Subscale modeling of material flow in orthogonal metal cutting

Abstract

Enhanced simulation capability for the cutting process is crucial to making quick evaluations of cutting forces and temperatures, which are significant for assessing the machinability of the workpiece material and predicting tool wear. In this paper, the material flow in orthogonal cutting, including primary and secondary shear zones, is represented by a viscous/viscoplastic model that includes the temperature-sensitive Johnson-Cook flow stress model. A stabilized staggered finite element procedure is developed to handle incompressible Navier-Stokes material flow in combination with convection-dominated hardening and thermomechanical interaction. To handle material flow at tool-workpiece contact, a mixed method is used to reduce spurious oscillations in contact stresses along with simplified heat transfer in the tool-workpiece interface.

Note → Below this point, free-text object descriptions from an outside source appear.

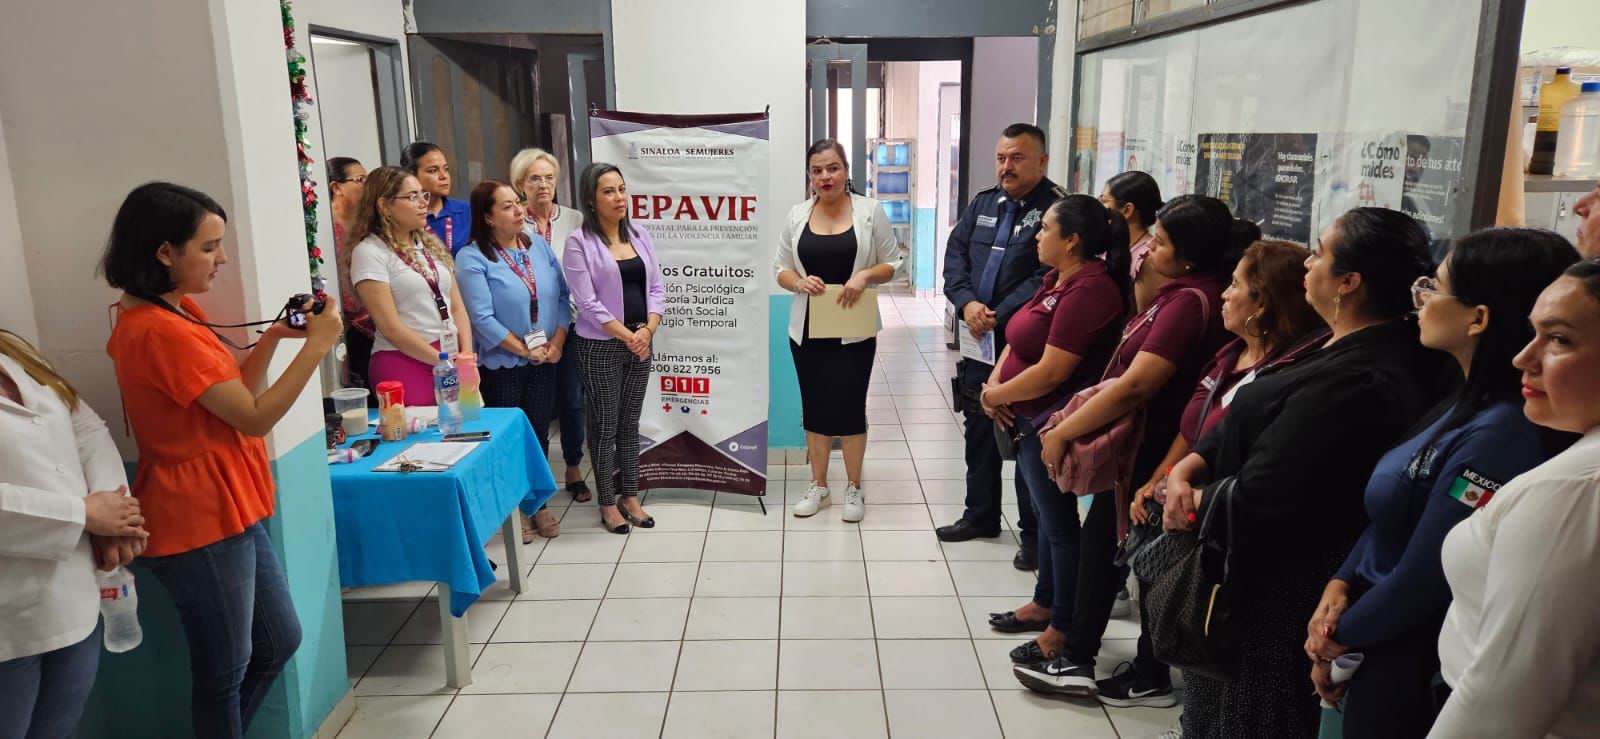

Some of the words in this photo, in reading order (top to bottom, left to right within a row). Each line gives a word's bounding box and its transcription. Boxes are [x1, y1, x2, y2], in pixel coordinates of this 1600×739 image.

[640, 147, 680, 156] SINALOA
[685, 148, 735, 157] SEMUJERES
[1360, 142, 1400, 161] ¿Cómo
[1360, 160, 1394, 179] mides
[659, 264, 679, 277] os
[682, 265, 755, 278] Gratuitos:
[664, 283, 683, 294] ión
[685, 284, 745, 297] Psicológica
[692, 296, 735, 305] Jurídica
[695, 307, 728, 317] Social
[659, 318, 685, 329] ugio
[687, 318, 737, 329] Temporal
[652, 352, 704, 363] Llámanos
[649, 364, 671, 373] 800
[673, 365, 692, 374] 822
[694, 366, 721, 375] 7956
[664, 378, 705, 392] 911
[661, 396, 710, 405] EMERGENCIAS
[1463, 469, 1502, 492] MEXICO
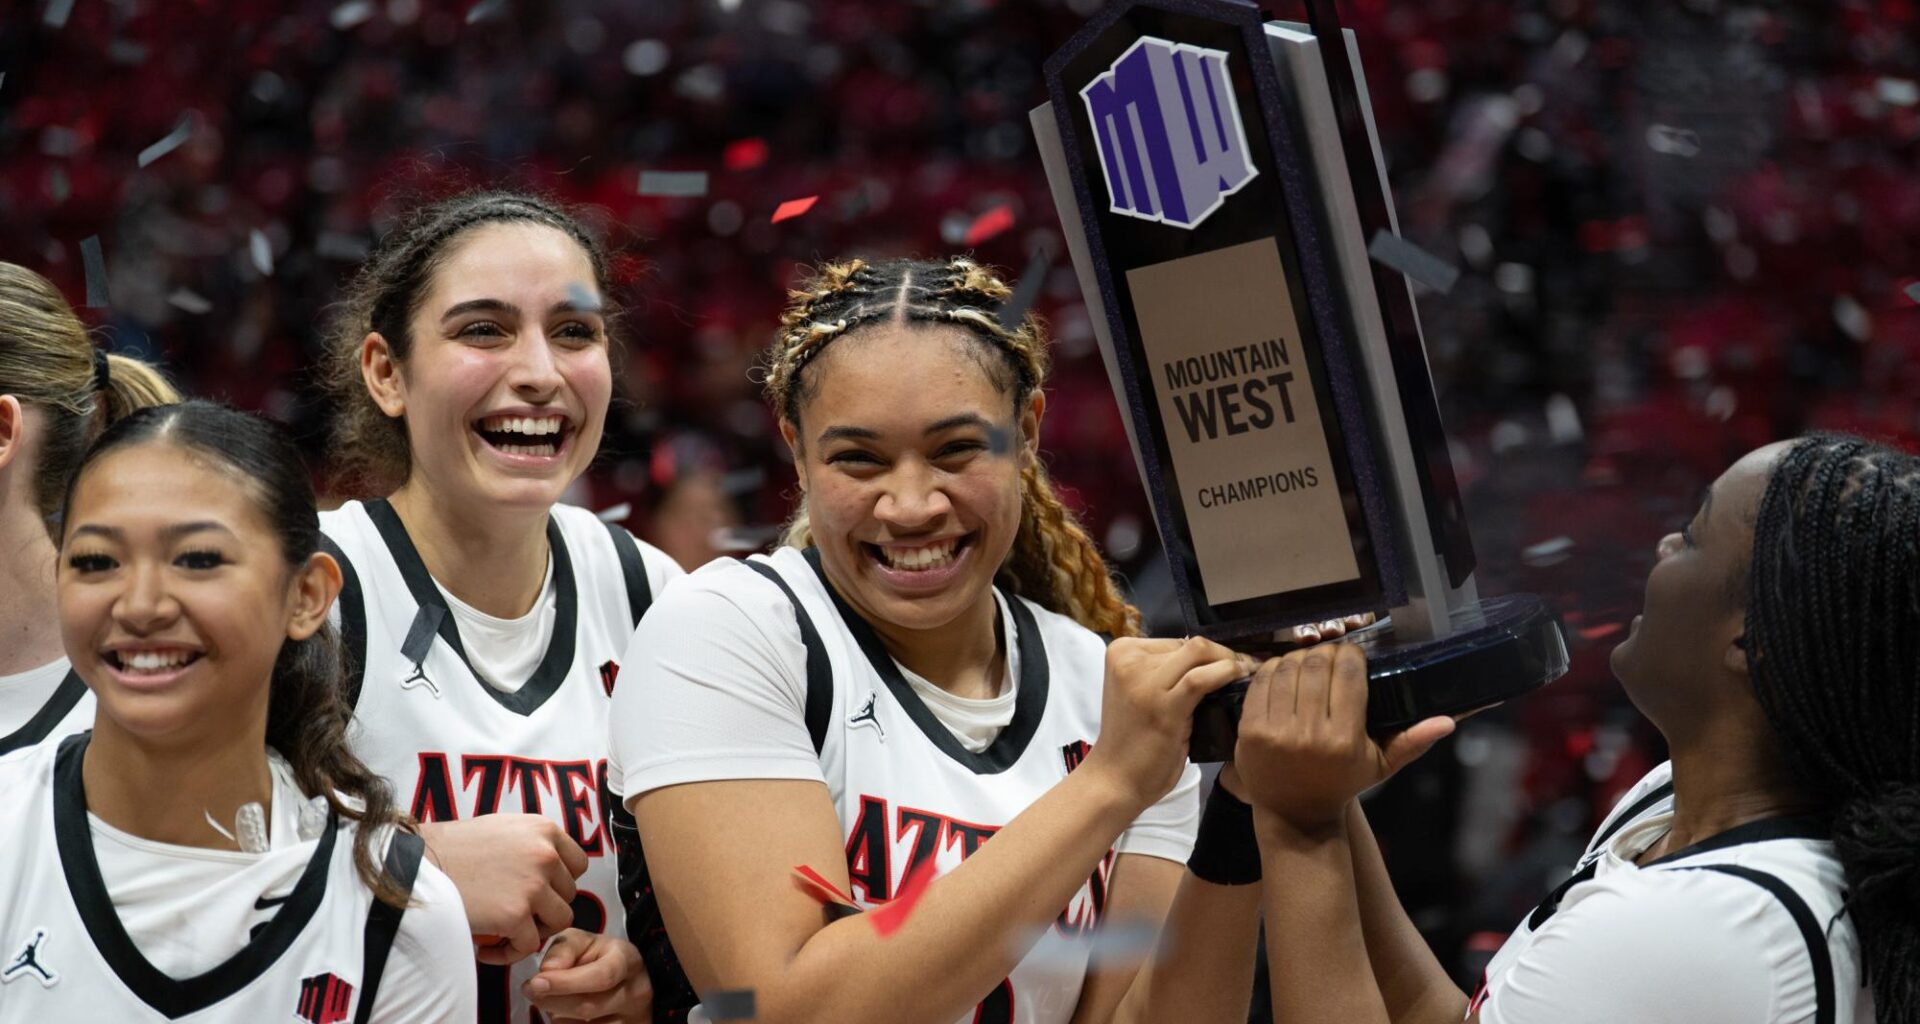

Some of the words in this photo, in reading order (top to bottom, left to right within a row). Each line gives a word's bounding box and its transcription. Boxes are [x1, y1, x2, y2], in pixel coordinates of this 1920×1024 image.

[1080, 36, 1259, 229] MW
[1164, 338, 1290, 390] MOUNTAIN
[1173, 371, 1295, 444] WEST
[1198, 467, 1319, 508] CHAMPIONS

A novel feature is that the velocity field is resolved as a subscale field to the velocity field of the distributed primary zone deformation model. It appears that the finite element solution to the subscale material flow model is significantly more cost-effective in contrast to directly addressing the velocity field and compared to the chip-forming simulations (DEFORM 2D). The cutting forces, temperature, and stress-strain state of the material in the critical deformation regions can be accurately estimated using the subscale model. The results obtained show that the trend of the estimated forces and temperatures is consistent with our experimental measurements, the DEFORM 2D simulations, and the experimental data from the literature.